Current industrial bio-production processes exclusively uses yeast and bacteria as the microorganism hosts to synthesise valuable commercial compounds. However, the raw material to product conversion efficiency using these hosts is extremely low (10% to 20%), breaching the concept of circular economy and sustainable production. Therefore, cyanobacteria, a more advanced type of microorganism hosts, have received great attention in recent years for disruptive industrial biotechnology development. Despite the rapid growth of low-cost genetic engineering tools, cyanobacterial metabolism is more complex than yeasts or bacteria, and intracellular metabolic constraints restricting the synthesis of targeted bioproduct are known to shift under different process operational scales.

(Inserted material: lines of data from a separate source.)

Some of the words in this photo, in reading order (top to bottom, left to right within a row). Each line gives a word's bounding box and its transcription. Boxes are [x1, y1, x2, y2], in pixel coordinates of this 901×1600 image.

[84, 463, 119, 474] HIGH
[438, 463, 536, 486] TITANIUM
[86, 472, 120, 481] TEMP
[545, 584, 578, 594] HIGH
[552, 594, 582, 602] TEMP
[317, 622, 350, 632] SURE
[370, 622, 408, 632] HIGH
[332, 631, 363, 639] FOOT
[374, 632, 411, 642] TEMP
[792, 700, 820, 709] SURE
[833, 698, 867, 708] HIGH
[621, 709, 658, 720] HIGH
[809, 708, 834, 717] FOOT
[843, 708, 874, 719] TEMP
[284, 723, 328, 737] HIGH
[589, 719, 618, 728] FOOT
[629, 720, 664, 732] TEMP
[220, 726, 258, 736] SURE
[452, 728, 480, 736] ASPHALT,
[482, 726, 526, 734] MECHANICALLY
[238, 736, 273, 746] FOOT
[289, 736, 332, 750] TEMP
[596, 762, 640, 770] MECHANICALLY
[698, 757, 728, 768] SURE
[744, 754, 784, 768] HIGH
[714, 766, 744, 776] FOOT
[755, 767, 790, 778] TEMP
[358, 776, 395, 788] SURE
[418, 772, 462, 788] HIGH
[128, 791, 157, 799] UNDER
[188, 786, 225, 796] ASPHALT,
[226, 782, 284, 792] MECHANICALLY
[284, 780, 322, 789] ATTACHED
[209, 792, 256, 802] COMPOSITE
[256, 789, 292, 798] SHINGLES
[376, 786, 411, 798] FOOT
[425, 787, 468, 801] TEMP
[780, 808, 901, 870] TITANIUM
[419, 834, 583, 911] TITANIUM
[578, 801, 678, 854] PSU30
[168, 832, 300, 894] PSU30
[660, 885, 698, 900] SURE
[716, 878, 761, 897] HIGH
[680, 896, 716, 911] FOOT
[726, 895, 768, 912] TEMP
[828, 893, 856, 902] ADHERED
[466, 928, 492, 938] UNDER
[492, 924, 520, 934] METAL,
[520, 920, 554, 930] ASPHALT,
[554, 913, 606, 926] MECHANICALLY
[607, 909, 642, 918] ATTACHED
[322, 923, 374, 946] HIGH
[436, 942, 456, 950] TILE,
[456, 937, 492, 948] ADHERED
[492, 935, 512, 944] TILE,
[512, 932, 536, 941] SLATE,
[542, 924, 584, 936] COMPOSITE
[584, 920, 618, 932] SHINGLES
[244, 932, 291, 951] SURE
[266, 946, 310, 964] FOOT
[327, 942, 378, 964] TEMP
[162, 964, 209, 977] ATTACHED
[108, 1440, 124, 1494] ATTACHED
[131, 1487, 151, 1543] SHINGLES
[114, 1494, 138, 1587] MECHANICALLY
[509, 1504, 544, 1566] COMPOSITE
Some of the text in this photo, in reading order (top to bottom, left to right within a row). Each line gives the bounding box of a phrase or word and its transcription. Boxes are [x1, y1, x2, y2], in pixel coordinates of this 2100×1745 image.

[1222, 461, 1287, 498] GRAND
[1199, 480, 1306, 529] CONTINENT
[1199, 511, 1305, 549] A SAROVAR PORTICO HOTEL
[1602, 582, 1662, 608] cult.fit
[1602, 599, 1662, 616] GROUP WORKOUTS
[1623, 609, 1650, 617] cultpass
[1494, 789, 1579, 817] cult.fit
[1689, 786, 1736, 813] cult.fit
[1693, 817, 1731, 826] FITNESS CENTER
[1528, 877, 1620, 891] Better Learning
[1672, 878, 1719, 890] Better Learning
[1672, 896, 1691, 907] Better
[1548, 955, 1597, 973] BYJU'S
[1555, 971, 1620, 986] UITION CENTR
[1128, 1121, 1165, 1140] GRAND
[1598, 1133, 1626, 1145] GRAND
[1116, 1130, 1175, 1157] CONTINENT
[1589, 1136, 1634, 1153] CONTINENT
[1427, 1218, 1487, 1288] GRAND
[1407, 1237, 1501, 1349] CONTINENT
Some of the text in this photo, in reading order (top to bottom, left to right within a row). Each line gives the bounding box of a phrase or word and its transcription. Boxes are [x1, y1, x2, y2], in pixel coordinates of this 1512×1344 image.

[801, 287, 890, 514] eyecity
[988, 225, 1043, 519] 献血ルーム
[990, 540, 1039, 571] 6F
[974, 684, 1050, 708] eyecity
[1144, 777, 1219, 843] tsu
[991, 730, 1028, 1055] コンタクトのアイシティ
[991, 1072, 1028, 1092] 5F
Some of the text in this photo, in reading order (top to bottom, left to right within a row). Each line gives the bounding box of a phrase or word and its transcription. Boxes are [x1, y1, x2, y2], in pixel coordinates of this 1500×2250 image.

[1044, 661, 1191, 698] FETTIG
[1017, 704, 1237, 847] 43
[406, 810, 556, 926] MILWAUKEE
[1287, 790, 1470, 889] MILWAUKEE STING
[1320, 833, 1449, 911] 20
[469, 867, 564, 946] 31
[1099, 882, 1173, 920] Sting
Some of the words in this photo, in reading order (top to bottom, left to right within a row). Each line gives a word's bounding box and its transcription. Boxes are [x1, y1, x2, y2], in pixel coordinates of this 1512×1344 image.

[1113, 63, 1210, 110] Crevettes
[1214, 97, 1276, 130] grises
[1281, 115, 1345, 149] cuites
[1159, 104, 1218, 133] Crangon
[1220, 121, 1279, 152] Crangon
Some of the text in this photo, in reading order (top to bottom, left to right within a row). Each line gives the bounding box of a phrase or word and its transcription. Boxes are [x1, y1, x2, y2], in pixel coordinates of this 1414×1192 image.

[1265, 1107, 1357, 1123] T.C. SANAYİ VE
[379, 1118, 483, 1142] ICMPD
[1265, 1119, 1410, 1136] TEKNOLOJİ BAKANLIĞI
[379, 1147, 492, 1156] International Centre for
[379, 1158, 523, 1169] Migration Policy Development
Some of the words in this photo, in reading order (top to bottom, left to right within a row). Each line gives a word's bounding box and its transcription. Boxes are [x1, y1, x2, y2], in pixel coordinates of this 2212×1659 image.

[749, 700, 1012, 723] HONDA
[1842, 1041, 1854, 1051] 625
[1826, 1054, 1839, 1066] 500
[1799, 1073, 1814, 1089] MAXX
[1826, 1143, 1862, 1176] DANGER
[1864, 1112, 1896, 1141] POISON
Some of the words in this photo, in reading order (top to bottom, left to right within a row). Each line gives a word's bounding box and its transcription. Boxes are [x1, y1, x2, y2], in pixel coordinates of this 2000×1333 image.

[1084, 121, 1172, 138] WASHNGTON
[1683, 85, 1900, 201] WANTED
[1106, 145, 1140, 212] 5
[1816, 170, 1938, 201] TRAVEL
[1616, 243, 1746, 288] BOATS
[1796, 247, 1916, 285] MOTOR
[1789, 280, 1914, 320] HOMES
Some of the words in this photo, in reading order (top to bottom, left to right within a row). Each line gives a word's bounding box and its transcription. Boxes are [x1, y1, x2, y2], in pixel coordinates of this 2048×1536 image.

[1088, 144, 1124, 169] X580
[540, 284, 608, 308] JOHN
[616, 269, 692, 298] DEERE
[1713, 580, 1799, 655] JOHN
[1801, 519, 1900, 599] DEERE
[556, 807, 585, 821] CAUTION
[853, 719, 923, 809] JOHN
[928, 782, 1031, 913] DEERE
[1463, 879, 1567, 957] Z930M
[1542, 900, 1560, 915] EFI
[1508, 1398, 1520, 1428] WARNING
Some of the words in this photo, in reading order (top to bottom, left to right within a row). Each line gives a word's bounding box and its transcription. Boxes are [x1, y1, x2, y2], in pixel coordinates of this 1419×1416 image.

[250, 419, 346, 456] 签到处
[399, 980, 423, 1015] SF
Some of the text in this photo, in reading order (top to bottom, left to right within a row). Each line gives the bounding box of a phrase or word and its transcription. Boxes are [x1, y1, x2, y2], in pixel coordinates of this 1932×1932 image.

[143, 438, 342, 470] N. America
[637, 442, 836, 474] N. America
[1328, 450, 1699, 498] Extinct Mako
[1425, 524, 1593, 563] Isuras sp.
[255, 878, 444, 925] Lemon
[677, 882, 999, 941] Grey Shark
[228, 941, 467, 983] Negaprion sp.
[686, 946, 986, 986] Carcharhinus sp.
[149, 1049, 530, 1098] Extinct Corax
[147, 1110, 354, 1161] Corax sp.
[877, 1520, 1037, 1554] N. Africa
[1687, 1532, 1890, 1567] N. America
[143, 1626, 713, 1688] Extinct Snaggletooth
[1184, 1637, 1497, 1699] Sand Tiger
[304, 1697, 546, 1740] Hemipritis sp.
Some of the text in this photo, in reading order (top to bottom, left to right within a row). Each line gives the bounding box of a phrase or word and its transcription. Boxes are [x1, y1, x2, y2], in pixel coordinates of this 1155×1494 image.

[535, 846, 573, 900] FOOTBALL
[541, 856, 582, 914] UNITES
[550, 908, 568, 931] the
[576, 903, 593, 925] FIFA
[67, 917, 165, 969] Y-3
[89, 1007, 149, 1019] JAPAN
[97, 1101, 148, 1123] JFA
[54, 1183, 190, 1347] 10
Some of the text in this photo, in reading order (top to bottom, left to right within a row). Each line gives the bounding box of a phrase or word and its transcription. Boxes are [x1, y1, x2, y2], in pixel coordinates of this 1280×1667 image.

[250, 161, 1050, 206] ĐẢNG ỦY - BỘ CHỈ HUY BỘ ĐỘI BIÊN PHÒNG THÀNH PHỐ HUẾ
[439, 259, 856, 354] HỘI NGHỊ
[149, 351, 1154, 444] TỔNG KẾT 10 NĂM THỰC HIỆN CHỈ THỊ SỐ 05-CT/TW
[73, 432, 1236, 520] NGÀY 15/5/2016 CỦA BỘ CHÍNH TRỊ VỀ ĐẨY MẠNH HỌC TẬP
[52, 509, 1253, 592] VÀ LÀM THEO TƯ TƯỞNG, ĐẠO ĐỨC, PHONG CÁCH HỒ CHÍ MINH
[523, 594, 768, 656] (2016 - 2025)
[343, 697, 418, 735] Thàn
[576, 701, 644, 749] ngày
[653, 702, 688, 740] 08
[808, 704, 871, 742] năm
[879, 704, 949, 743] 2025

This project aims to integrate cutting-edge modelling tools including dynamic flux balance analysis, hybrid process modelling (physical and data-driven), and computational fluid dynamics to construct a multiscale dynamic modelling framework that can accurately visualise the effect of important operating factors and bioreactor configurations on cyanobacterial metabolism activities (e.g. biomass growth, product synthesis) throughout the entire process time course. By optimising this modelling framework, primary metabolic constraints limiting bioproduct synthesis at industrial scale bioreaction systems will be identified directly, hence discovering new biological understandings which are of immediate industrial relevance. This information will be applied to direct the design of new strains and verified via experimentation (in collaboration with other UK universities). A brief introduction to the research group can be found through the following link:
Candidates are expected to hold or achieve a first class or 2:1 honours degree (or equivalent) in Chemical Engineering, Process Systems Engineering, Biochemical Engineering, Industrial Engineering, Mathematics, Computer Science or other related area. Students with a solid mathematical background are particularly welcome. A prior knowledge/experience in mathematical programming and optimisation theory is desirable.